L'Europe doit-elle reverser ses subventions agricoles non utilisées aux pays pauvres pour les aider à surmonter la crise alimentaire mondiale? L'idée avancée par Bruxelles est accueillie plutôt froidement par les Etats de l'UE qui redoutent de créer un précédent.

«Je suis favorable à l'idée d'aider les pays en développement à construire une capacité de production agricole, mais je ne suis pas sûr que le meilleur moyen de le faire soit en prenant l'argent des dépenses agricoles» européennes, a indiqué lundi le ministre slovène de l'Agriculture, Iztok Jarc, dont le pays préside l'UE.

«On ne peut pas nourrir la planète avec la politique agricole commune» (Pac), a également jugé devant les journalistes le ministre autrichien, Josef Pröll, en marge d'une réunion avec ses collègues européens à Maribor, en Slovénie.

Sa collègue néerlandaise, Gerda Verburg, a parlé «d'une idée sympathique mais qui, j'en ai peur, ne marche pas» sur le long terme.
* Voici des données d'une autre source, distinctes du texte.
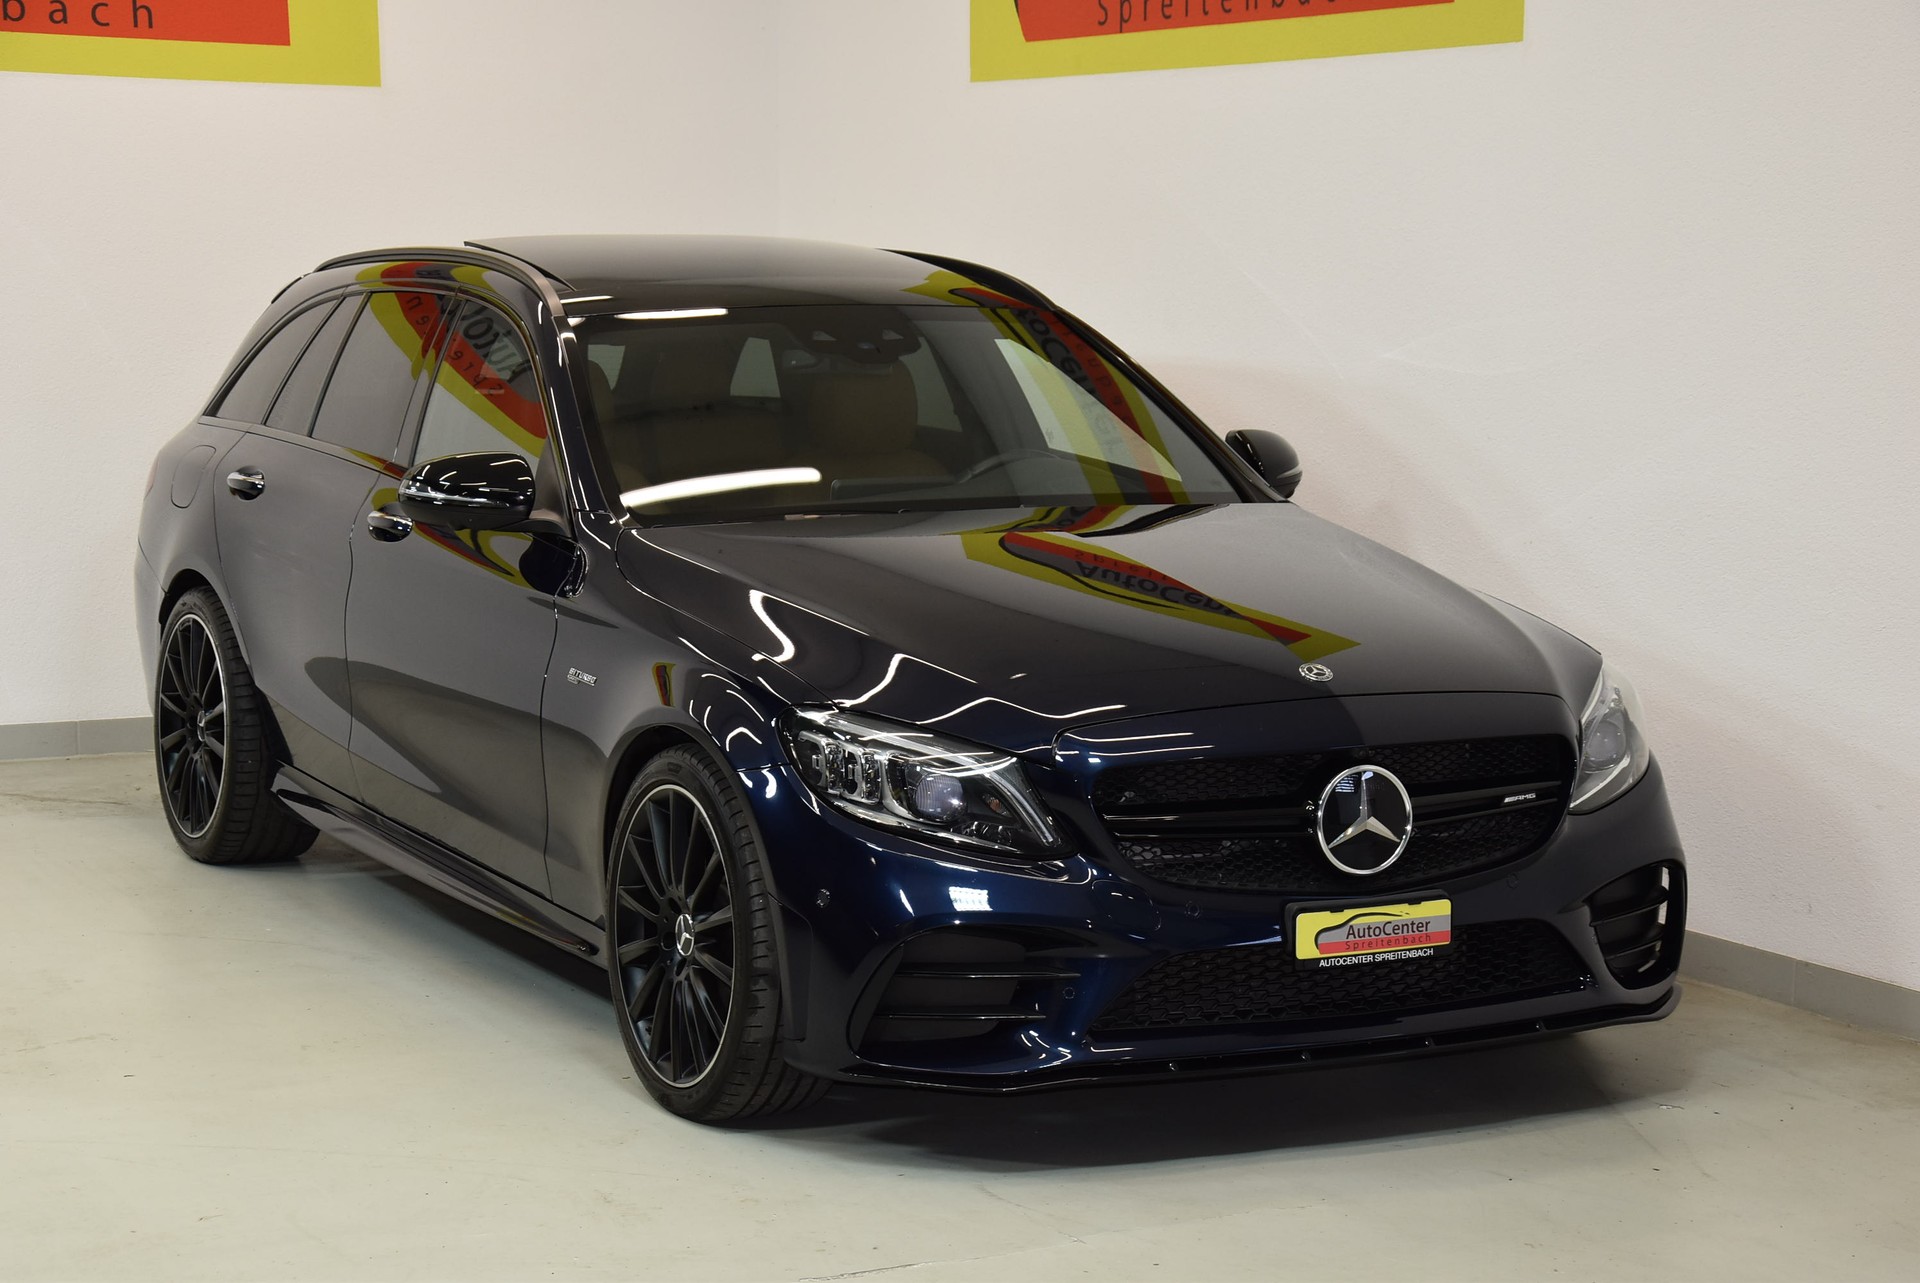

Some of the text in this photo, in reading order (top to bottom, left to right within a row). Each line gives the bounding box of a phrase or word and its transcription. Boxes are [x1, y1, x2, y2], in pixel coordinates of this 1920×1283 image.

[1345, 921, 1431, 939] AutoCenter
[1345, 933, 1432, 952] Spreitenbach
[1319, 948, 1434, 968] AUTOCENTER SPREITENBACH
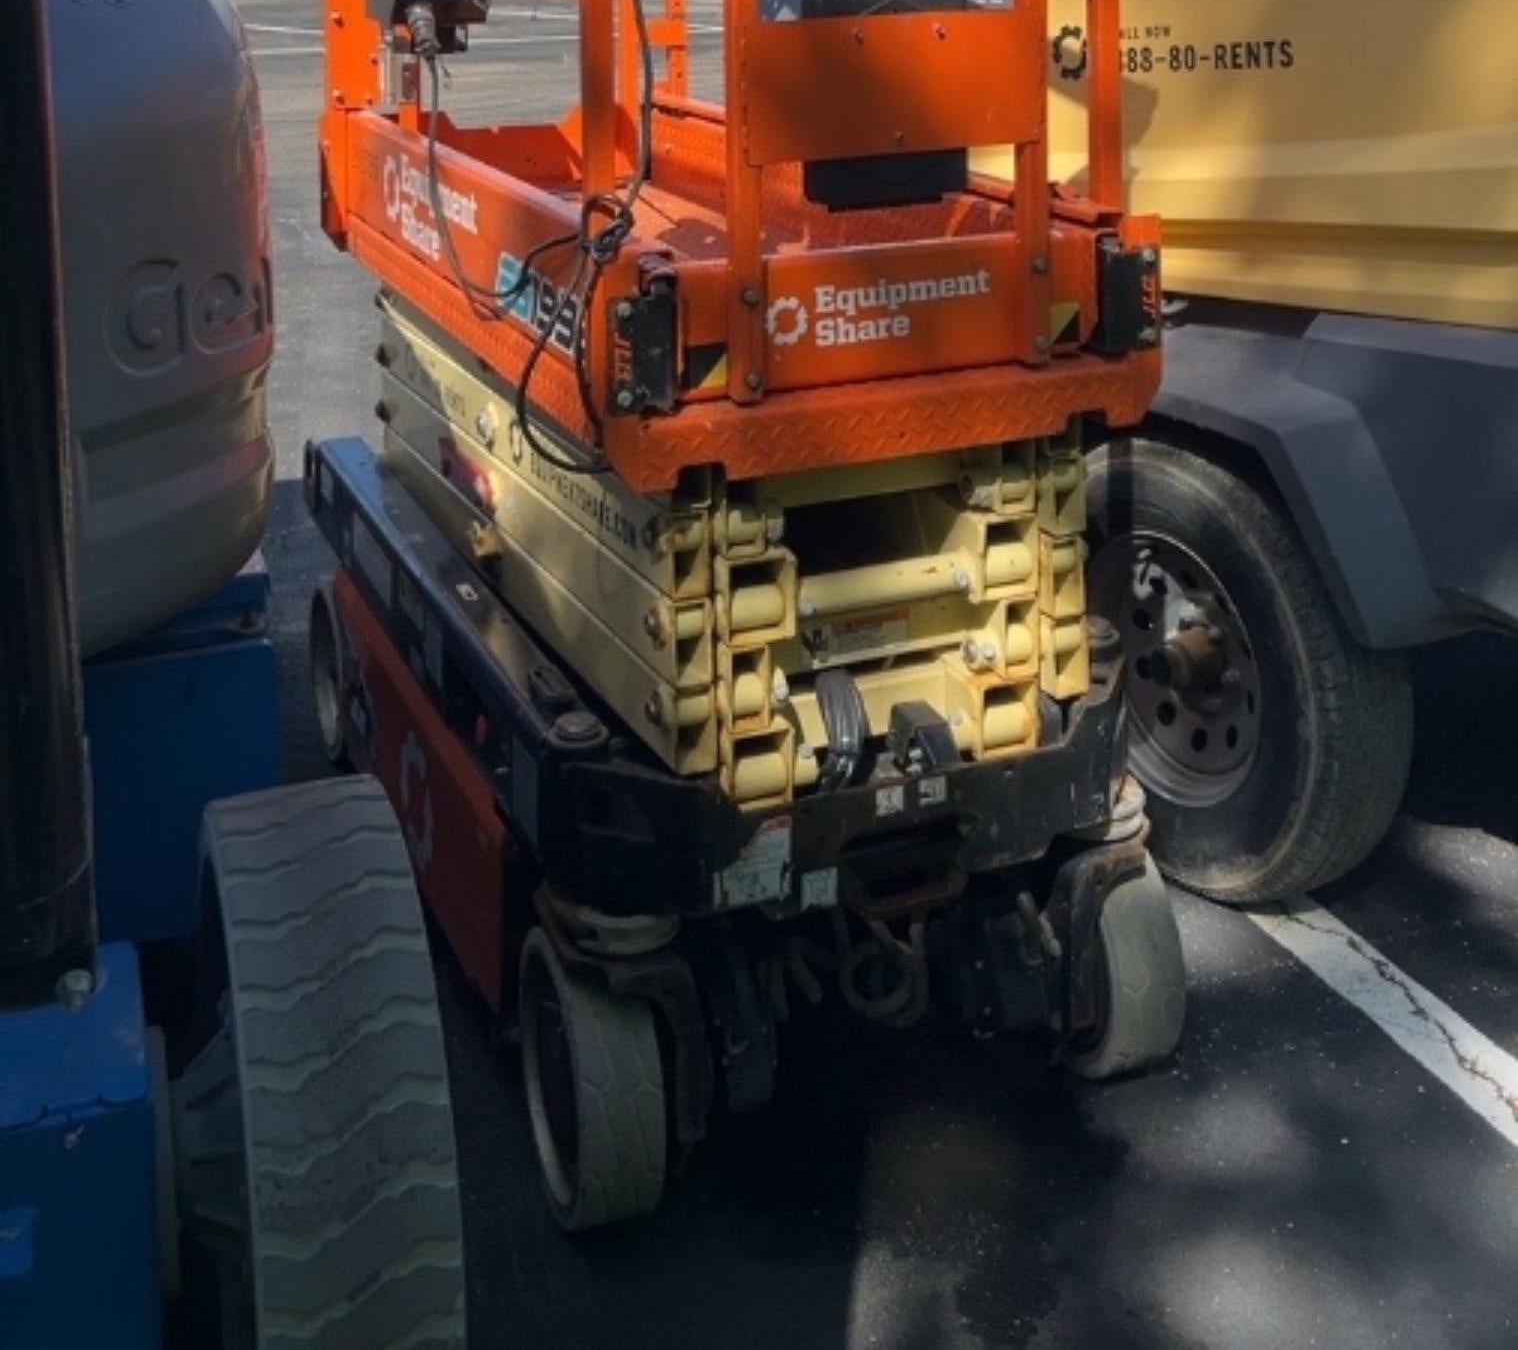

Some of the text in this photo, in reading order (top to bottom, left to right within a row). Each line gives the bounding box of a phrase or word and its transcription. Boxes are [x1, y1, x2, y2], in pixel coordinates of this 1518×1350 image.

[1118, 40, 1294, 74] 88-80-RENTS
[814, 269, 991, 315] Equipment
[815, 314, 911, 347] Share
A ses yeux, plus que des aides financières de court terme, seuls des investissements de fond pour aider les pays pauvres à reconstruire leur capacité agricole et à améliorer leur productivité leur permettront de résoudre leurs problèmes alimentaires.

Un argument repris par la France, principale bénéficiaire de la Pac et première puissance agricole européenne.
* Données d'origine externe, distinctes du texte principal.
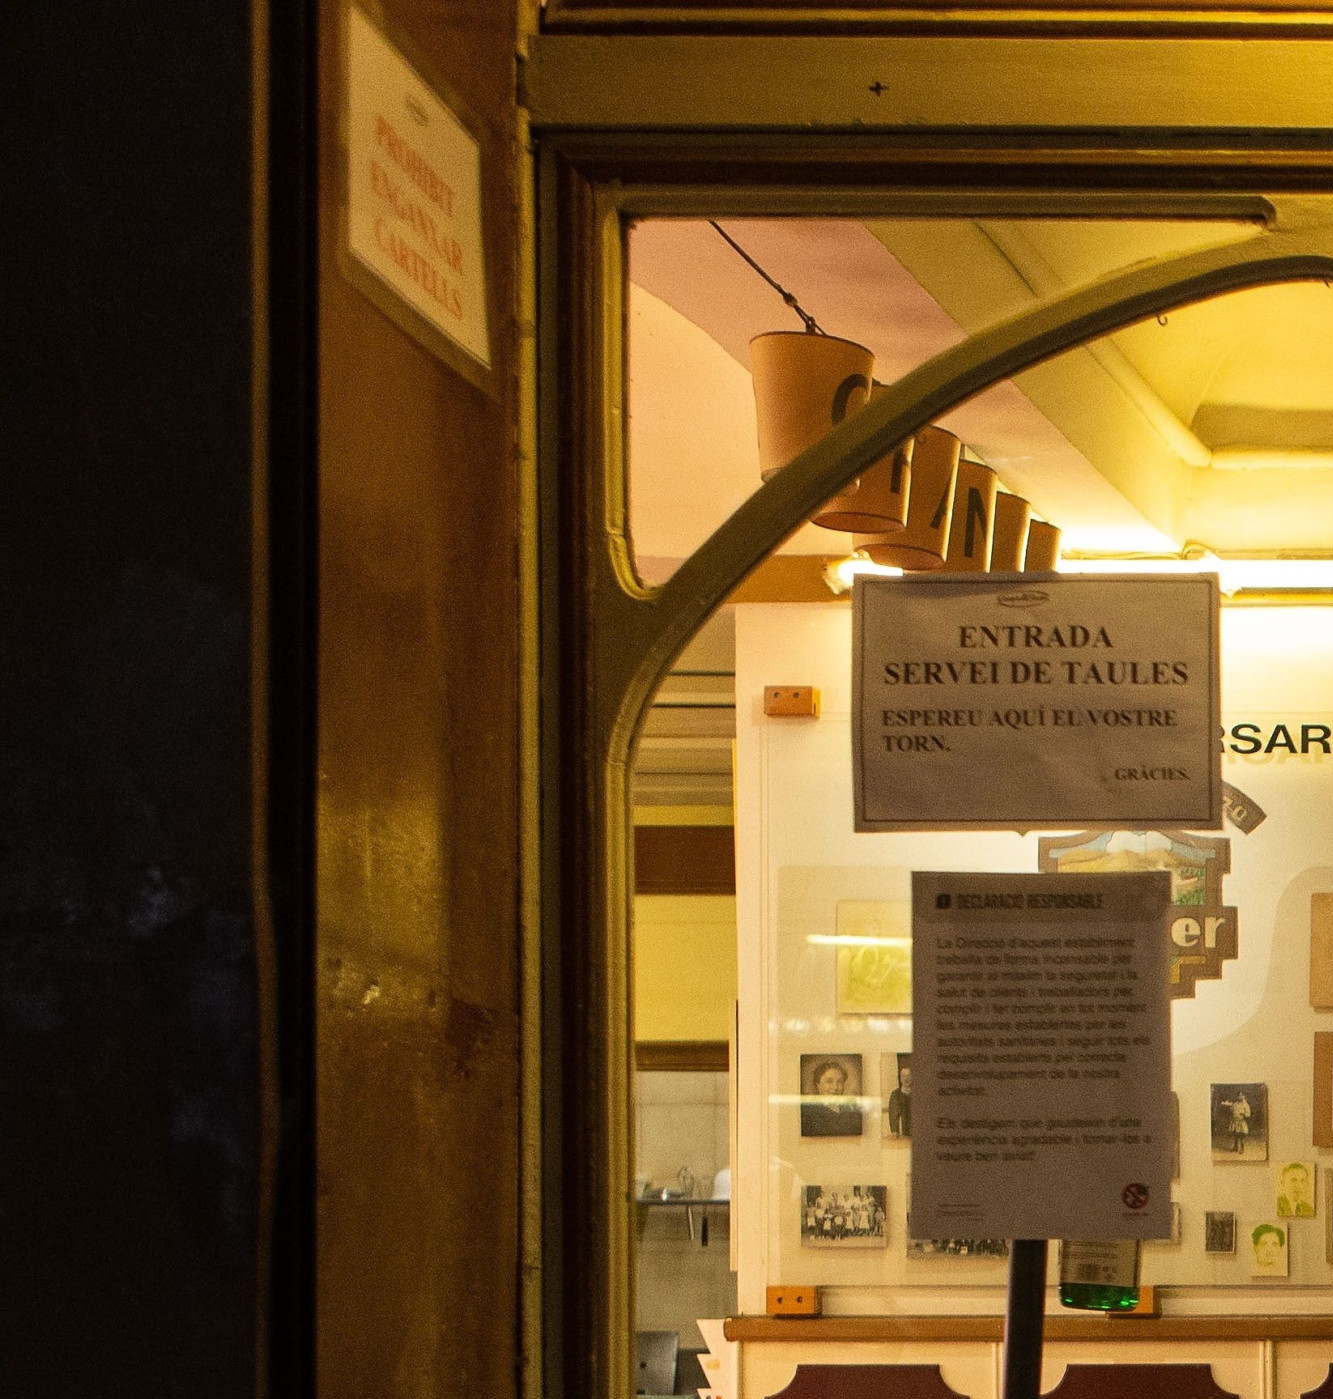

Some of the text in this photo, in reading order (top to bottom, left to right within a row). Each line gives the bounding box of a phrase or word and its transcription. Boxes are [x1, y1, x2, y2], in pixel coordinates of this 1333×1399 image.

«Cela peut être une solution dans l'urgence, encore qu'on a peut-être d'autres crédits utilisables en Europe, mais ce n'est pas une solution durable», a dit son ministre Michel Barnier.

La commissaire européenne à l'Agriculture Mariann Fischer Boel vient de proposer d'utiliser les fonds non dépensés de la Pac pour aider les pays pauvres déstabilisés par la flambée des prix alimentaires.
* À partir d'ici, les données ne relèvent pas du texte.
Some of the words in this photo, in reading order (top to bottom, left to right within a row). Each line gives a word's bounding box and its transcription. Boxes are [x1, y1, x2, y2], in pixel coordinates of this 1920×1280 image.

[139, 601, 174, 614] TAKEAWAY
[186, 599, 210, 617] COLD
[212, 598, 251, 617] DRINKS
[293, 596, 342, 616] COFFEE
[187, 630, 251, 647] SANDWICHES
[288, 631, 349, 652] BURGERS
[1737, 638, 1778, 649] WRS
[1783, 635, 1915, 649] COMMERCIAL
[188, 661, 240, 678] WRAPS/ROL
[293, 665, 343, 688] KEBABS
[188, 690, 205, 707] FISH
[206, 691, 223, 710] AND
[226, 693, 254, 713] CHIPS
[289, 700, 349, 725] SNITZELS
«Il faut voir dans quelle mesure on peut transférer de l'argent de l'agriculture européenne vers les pays moins développés pour l'achat de semences ou d'engrais» ou pour financer des programmes de microcrédit, avait-elle déclaré dimanche lors d'une conférence de presse en Slovénie.

«Il faut montrer qu'on a la volonté d'aider ces pays», a-t-elle ajouté.

Bruxelles espère faire dans les prochaines semaines des propositions concrètes à ce sujet, à partir des surplus budgétaires attendus pour les années 2008 et 2009. Selon une source européenne, «on parle ici de plusieurs centaines de millions d'euros». Même s'ils ne le disent pas ouvertement, la plupart des gouvernements européens sont sur la réserve car ils ne souhaitent pas créer un précédent.

Déjà l'an dernier, l'UE a résolu les problèmes de financement du système européen emblématique de navigation par satellite Galileo, rival du GPS américain, en puisant quelque 1,6 milliard d'euros dans des fonds non utilisés de la Pac. Ce qui n'a pas été sans causer des frictions.

L'existence de ces surplus, dans le contexte nouveau de flambée des prix, est susceptible de donner des arguments aux adversaires de la Pac, à commencer par les Britanniques qui réclament régulièrement la baisse ou la suppression des subventions agricoles européennes, et ce à un moment où l'Europe est sous pression sur le sujet à l'OMC.

Les pourfendeurs de la Pac arguent non seulement que les subventions seraient mieux utilisées ailleurs mais qu'en plus elles empêchent les pays pauvres de développer leur propre agriculture.